WHAT TO DO
Restate each of the lines below word for word and drop every picture.

[Referring expression grounding data]
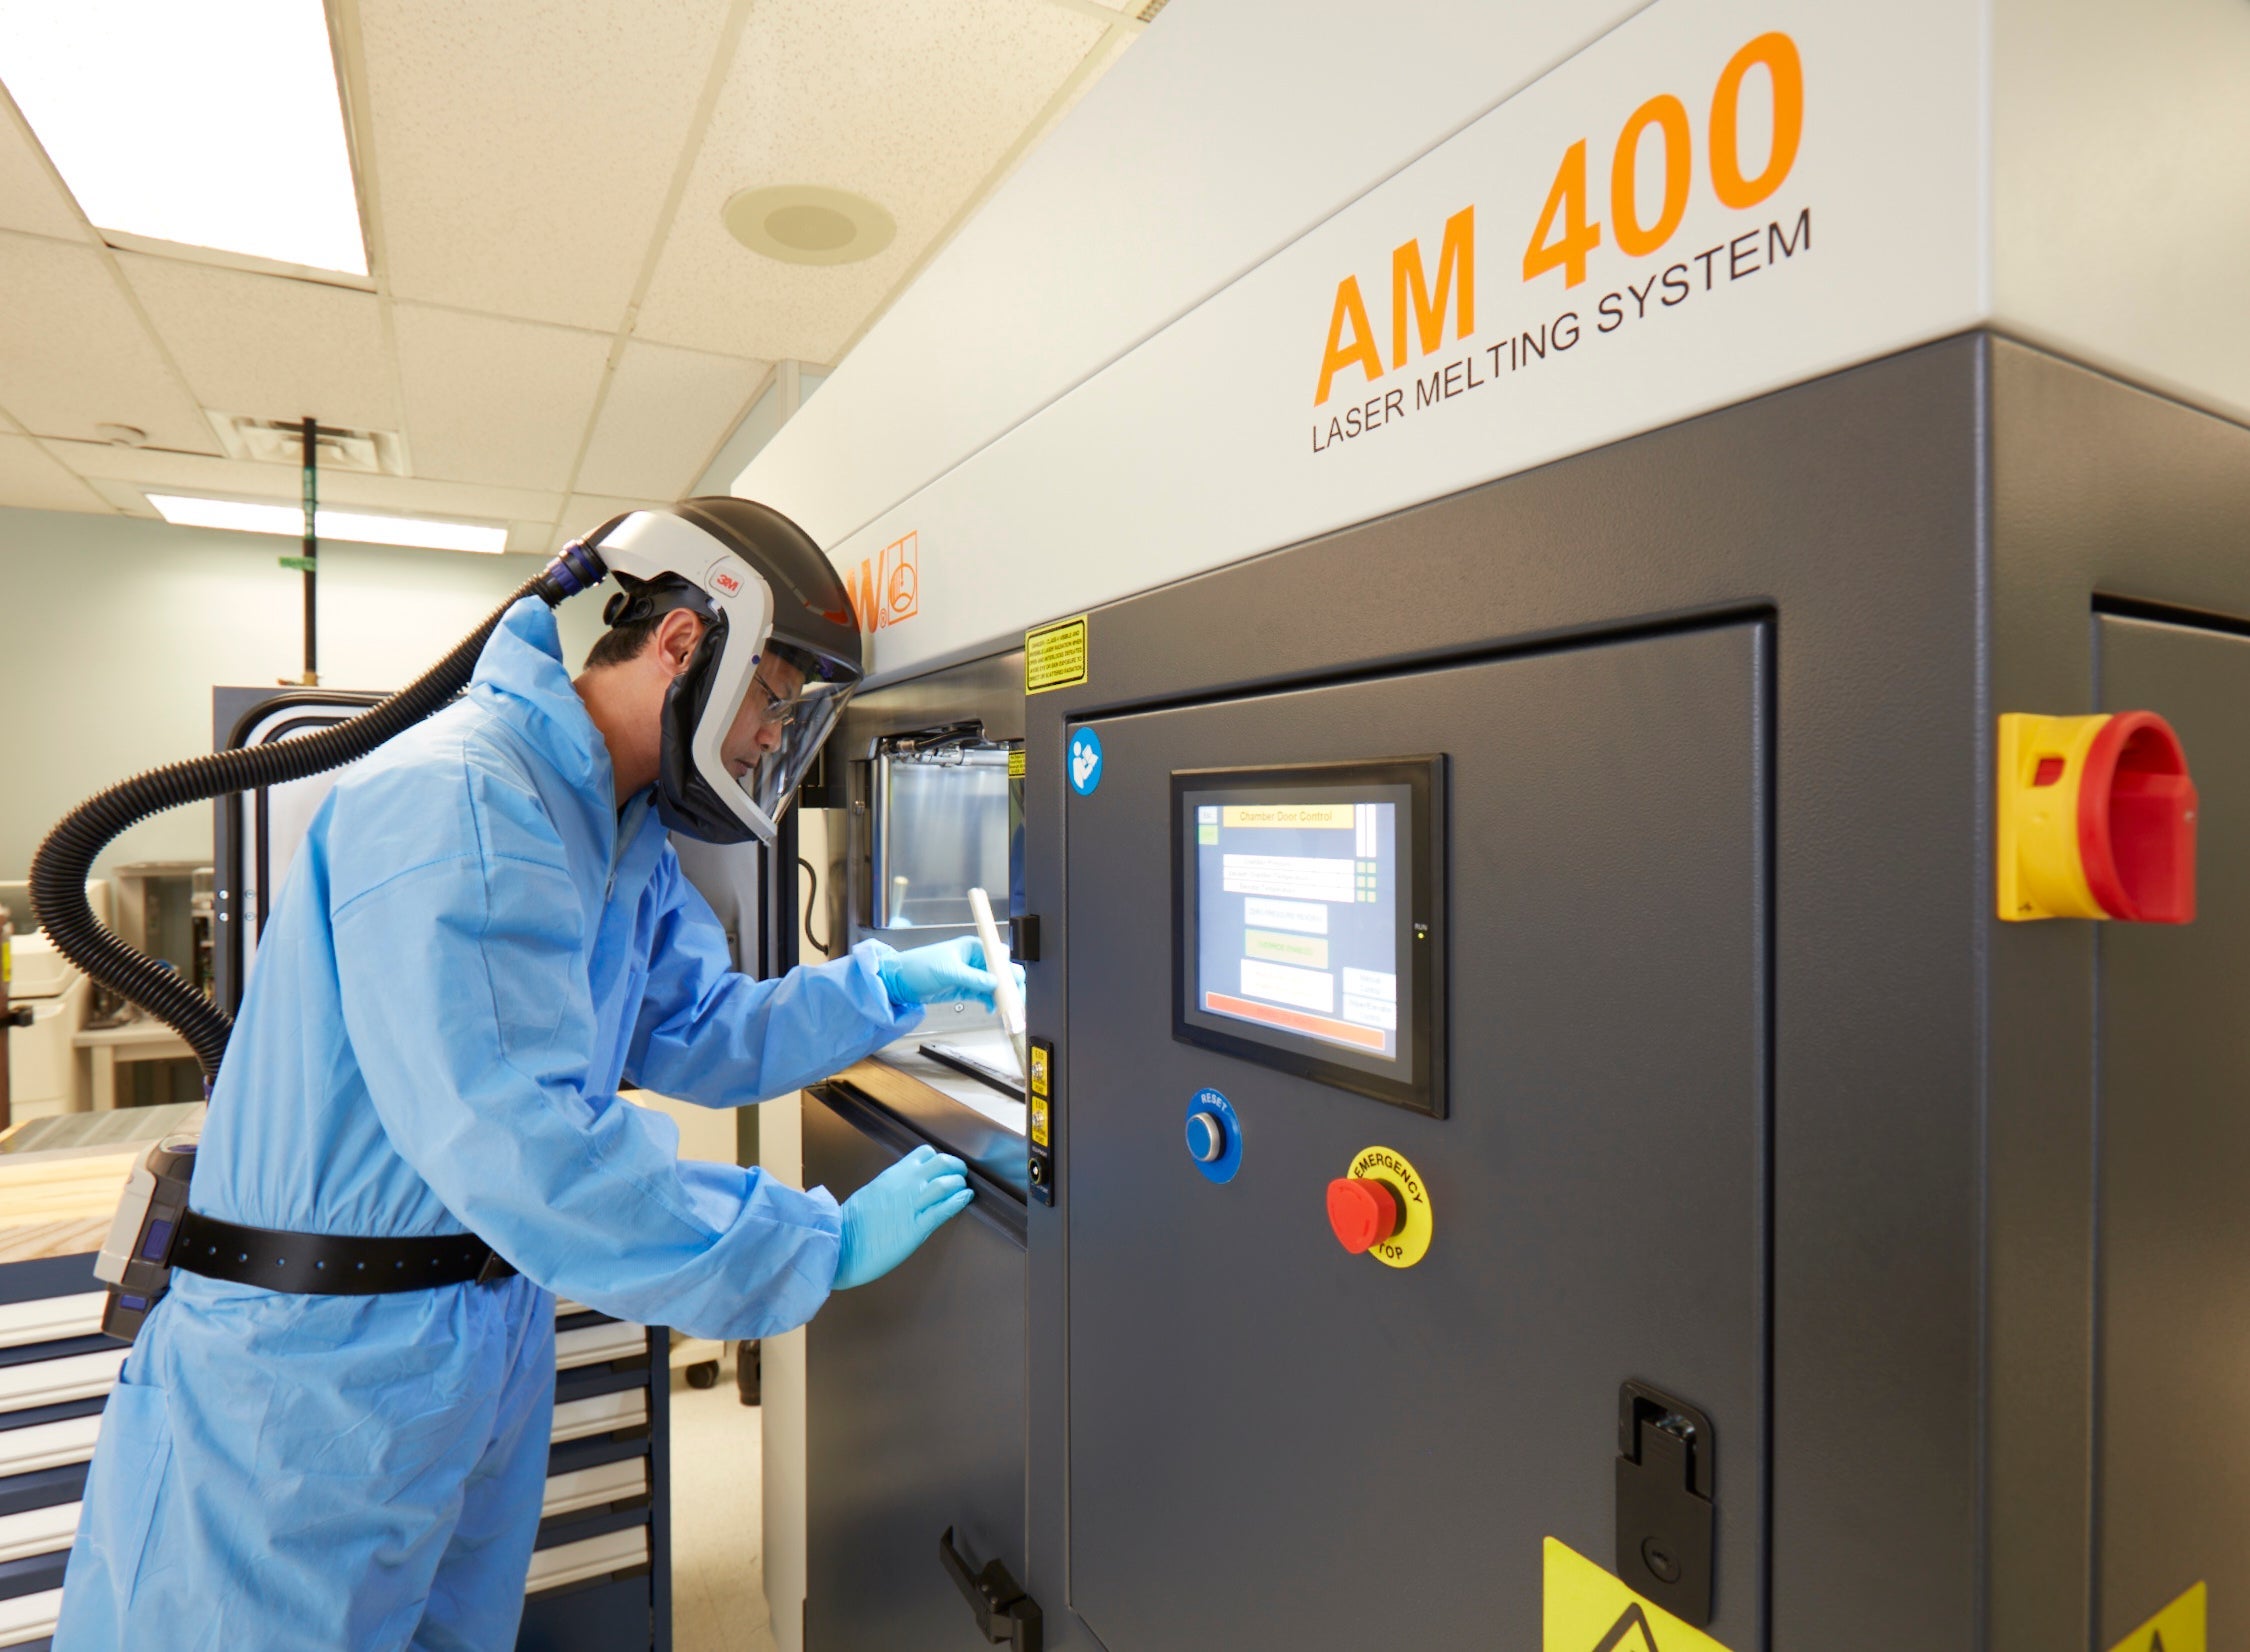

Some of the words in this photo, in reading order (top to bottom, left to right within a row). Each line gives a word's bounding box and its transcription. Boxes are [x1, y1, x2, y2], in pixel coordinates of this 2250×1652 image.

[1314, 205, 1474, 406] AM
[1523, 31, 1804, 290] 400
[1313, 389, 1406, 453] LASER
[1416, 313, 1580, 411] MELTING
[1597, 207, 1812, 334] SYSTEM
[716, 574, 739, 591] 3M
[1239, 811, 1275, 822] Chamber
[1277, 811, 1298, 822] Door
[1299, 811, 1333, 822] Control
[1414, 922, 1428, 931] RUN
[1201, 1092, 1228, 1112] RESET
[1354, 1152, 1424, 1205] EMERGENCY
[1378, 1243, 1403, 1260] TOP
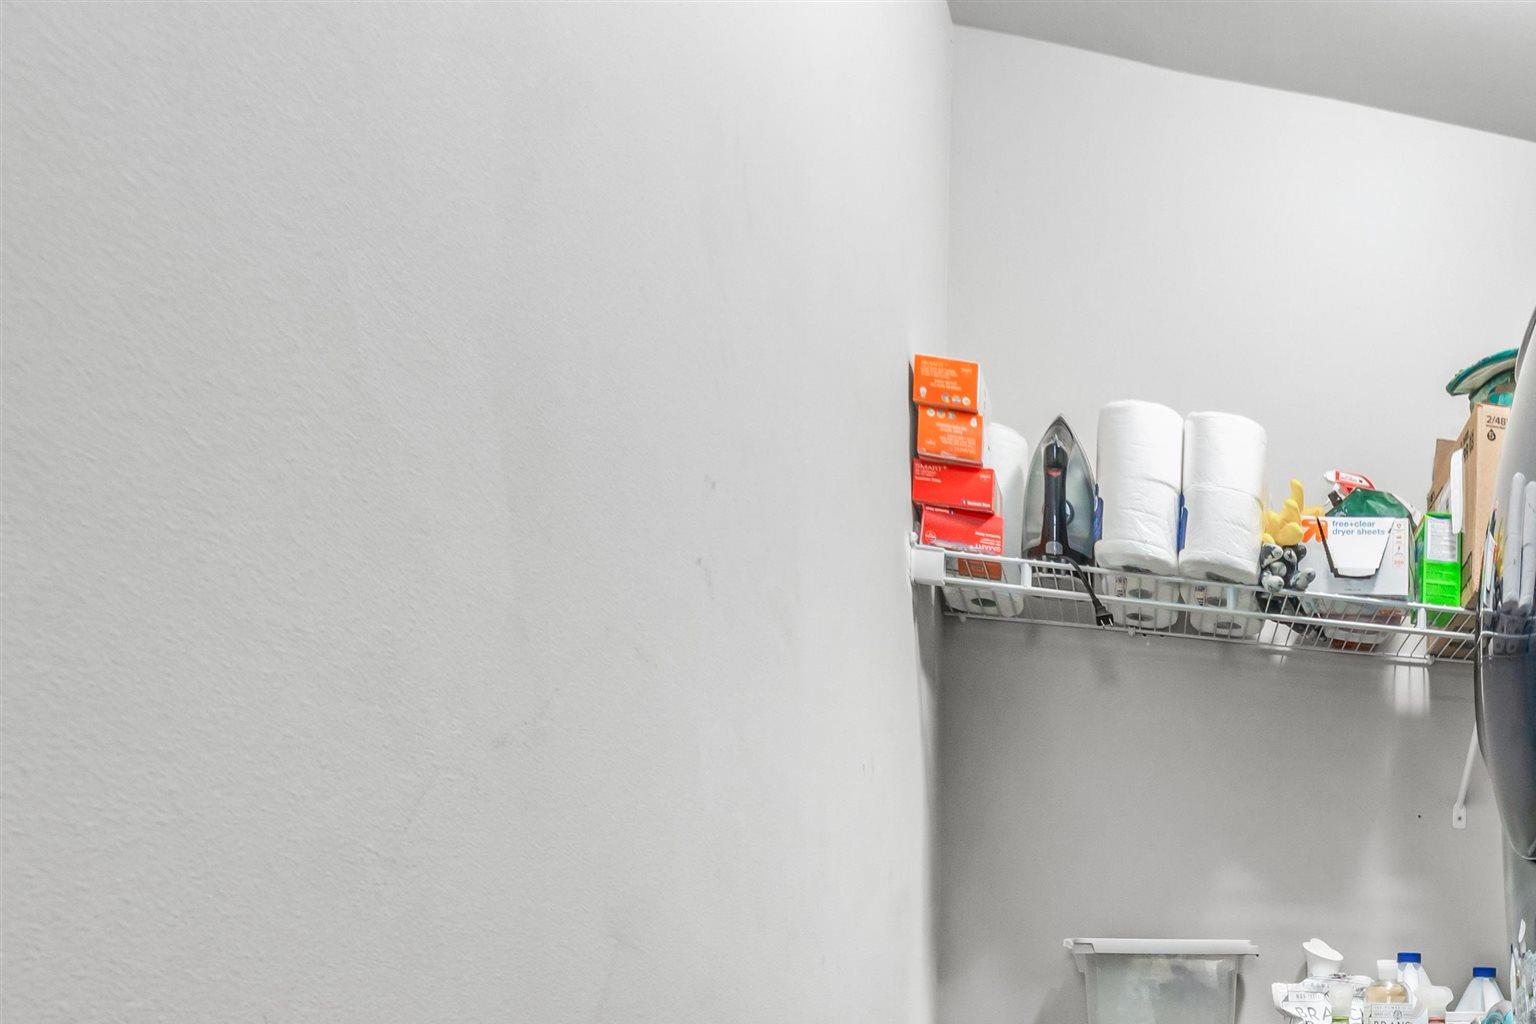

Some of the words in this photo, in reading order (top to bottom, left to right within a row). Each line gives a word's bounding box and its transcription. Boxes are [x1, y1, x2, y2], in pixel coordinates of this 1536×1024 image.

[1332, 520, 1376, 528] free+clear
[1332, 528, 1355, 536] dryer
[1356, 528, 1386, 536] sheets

PROBLEM SOLUTION
Some of the words in this photo, in reading order (top to bottom, left to right within a row). Each line gives a word's bounding box and its transcription. Boxes are [x1, y1, x2, y2], in pixel coordinates of this 2250×1652 image.

[1314, 205, 1474, 406] AM
[1523, 31, 1804, 290] 400
[1313, 389, 1406, 453] LASER
[1416, 313, 1580, 411] MELTING
[1597, 207, 1812, 334] SYSTEM
[716, 574, 739, 591] 3M
[1239, 811, 1275, 822] Chamber
[1277, 811, 1298, 822] Door
[1299, 811, 1333, 822] Control
[1414, 922, 1428, 931] RUN
[1201, 1092, 1228, 1112] RESET
[1354, 1152, 1424, 1205] EMERGENCY
[1378, 1243, 1403, 1260] TOP

Some of the words in this photo, in reading order (top to bottom, left to right within a row). Each line gives a word's bounding box and its transcription. Boxes are [x1, y1, x2, y2], in pixel coordinates of this 1536×1024 image.

[1332, 520, 1376, 528] free+clear
[1332, 528, 1355, 536] dryer
[1356, 528, 1386, 536] sheets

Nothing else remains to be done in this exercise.